Dataset entries:
-------------------------

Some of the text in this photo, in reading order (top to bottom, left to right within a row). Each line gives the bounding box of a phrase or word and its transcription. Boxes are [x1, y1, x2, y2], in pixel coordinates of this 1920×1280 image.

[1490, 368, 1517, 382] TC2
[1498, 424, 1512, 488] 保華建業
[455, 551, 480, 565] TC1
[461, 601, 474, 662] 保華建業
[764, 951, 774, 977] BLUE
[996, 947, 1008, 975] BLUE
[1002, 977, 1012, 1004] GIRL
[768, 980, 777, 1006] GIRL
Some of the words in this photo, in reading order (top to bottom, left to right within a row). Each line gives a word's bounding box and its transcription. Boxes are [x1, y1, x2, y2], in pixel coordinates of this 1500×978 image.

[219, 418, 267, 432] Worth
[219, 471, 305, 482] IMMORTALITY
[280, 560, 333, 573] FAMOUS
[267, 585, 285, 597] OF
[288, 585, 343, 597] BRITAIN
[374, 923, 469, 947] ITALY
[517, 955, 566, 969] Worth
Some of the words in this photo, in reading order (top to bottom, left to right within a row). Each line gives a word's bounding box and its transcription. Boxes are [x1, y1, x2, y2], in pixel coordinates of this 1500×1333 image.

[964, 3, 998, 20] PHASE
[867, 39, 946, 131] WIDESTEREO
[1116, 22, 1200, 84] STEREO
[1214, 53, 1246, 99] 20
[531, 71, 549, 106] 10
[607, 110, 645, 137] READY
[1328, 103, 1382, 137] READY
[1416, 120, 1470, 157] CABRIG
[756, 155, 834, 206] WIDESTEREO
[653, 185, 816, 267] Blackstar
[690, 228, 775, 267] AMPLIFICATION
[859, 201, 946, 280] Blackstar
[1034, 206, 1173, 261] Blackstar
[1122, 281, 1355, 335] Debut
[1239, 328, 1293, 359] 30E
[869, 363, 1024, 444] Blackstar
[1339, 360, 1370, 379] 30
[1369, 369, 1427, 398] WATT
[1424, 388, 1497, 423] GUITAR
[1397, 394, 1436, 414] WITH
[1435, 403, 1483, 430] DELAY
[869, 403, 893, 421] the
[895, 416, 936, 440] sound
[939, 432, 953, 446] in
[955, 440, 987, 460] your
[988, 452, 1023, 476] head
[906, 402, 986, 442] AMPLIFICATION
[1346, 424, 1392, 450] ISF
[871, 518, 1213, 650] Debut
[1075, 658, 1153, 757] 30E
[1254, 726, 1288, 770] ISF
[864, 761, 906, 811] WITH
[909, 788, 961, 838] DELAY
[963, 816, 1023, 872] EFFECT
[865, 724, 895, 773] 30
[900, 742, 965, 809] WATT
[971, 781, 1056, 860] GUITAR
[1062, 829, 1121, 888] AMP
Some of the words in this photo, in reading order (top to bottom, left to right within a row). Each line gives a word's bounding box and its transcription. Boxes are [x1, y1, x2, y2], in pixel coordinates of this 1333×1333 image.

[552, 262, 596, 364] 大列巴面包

-------------------------

- **Work request**
Copy out all of the records shown above exactly.

- **Solution to this exercise**
Some of the text in this photo, in reading order (top to bottom, left to right within a row). Each line gives the bounding box of a phrase or word and its transcription. Boxes are [x1, y1, x2, y2], in pixel coordinates of this 1920×1280 image.

[1490, 368, 1517, 382] TC2
[1498, 424, 1512, 488] 保華建業
[455, 551, 480, 565] TC1
[461, 601, 474, 662] 保華建業
[764, 951, 774, 977] BLUE
[996, 947, 1008, 975] BLUE
[1002, 977, 1012, 1004] GIRL
[768, 980, 777, 1006] GIRL
Some of the words in this photo, in reading order (top to bottom, left to right within a row). Each line gives a word's bounding box and its transcription. Boxes are [x1, y1, x2, y2], in pixel coordinates of this 1500×978 image.

[219, 418, 267, 432] Worth
[219, 471, 305, 482] IMMORTALITY
[280, 560, 333, 573] FAMOUS
[267, 585, 285, 597] OF
[288, 585, 343, 597] BRITAIN
[374, 923, 469, 947] ITALY
[517, 955, 566, 969] Worth
Some of the words in this photo, in reading order (top to bottom, left to right within a row). Each line gives a word's bounding box and its transcription. Boxes are [x1, y1, x2, y2], in pixel coordinates of this 1500×1333 image.

[964, 3, 998, 20] PHASE
[867, 39, 946, 131] WIDESTEREO
[1116, 22, 1200, 84] STEREO
[1214, 53, 1246, 99] 20
[531, 71, 549, 106] 10
[607, 110, 645, 137] READY
[1328, 103, 1382, 137] READY
[1416, 120, 1470, 157] CABRIG
[756, 155, 834, 206] WIDESTEREO
[653, 185, 816, 267] Blackstar
[690, 228, 775, 267] AMPLIFICATION
[859, 201, 946, 280] Blackstar
[1034, 206, 1173, 261] Blackstar
[1122, 281, 1355, 335] Debut
[1239, 328, 1293, 359] 30E
[869, 363, 1024, 444] Blackstar
[1339, 360, 1370, 379] 30
[1369, 369, 1427, 398] WATT
[1424, 388, 1497, 423] GUITAR
[1397, 394, 1436, 414] WITH
[1435, 403, 1483, 430] DELAY
[869, 403, 893, 421] the
[895, 416, 936, 440] sound
[939, 432, 953, 446] in
[955, 440, 987, 460] your
[988, 452, 1023, 476] head
[906, 402, 986, 442] AMPLIFICATION
[1346, 424, 1392, 450] ISF
[871, 518, 1213, 650] Debut
[1075, 658, 1153, 757] 30E
[1254, 726, 1288, 770] ISF
[864, 761, 906, 811] WITH
[909, 788, 961, 838] DELAY
[963, 816, 1023, 872] EFFECT
[865, 724, 895, 773] 30
[900, 742, 965, 809] WATT
[971, 781, 1056, 860] GUITAR
[1062, 829, 1121, 888] AMP
Some of the words in this photo, in reading order (top to bottom, left to right within a row). Each line gives a word's bounding box and its transcription. Boxes are [x1, y1, x2, y2], in pixel coordinates of this 1333×1333 image.

[552, 262, 596, 364] 大列巴面包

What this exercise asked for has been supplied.